Corn, safflower, sunflower, cottonseed and soybean oils have high levels of linoleic acid, the study authors said. These oils belong to a group of fats called polyunsaturated fats, according to the American Heart Association (AHA). A diet that's lower in saturated fat and includes polyunsaturated fats in moderation can lower cholesterol, which is thought to then reduce the risk of heart disease and stroke, the AHA says.
"Since blood cholesterol levels are associated with risk of heart disease and death, the cholesterol-lowering effects of vegetable oils are predicted to decrease the risk of heart disease and death," said study lead author Dr. Christopher Ramsden.

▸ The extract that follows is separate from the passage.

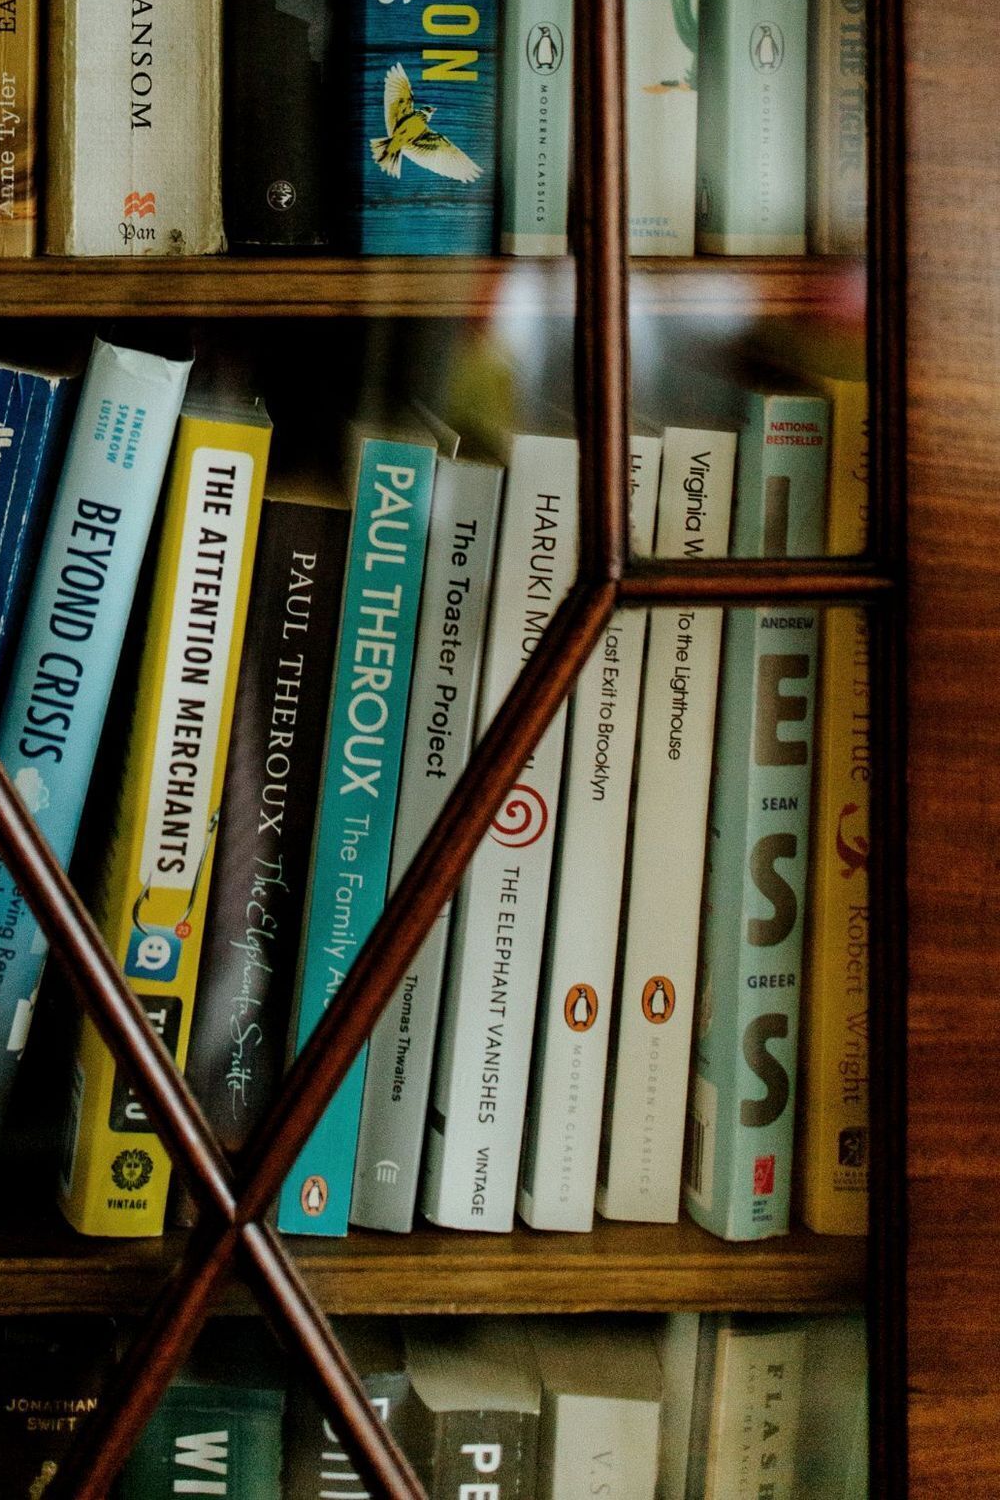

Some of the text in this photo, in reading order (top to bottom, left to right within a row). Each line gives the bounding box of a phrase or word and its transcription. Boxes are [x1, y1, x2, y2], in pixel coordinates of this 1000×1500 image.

He's a medical investigator with the U.S. National Institute on Alcohol Abuse and Alcoholism and lieutenant commander with the U.S. Public Health Service.
However, he added that this hasn't been proven in a randomized controlled study, the gold standard of medical research.
The researchers behind the new review looked back at a study done between 1968 and 1973. It included almost 9,500 people, average age 52, living at a nursing home or one of six mental hospitals in Minnesota.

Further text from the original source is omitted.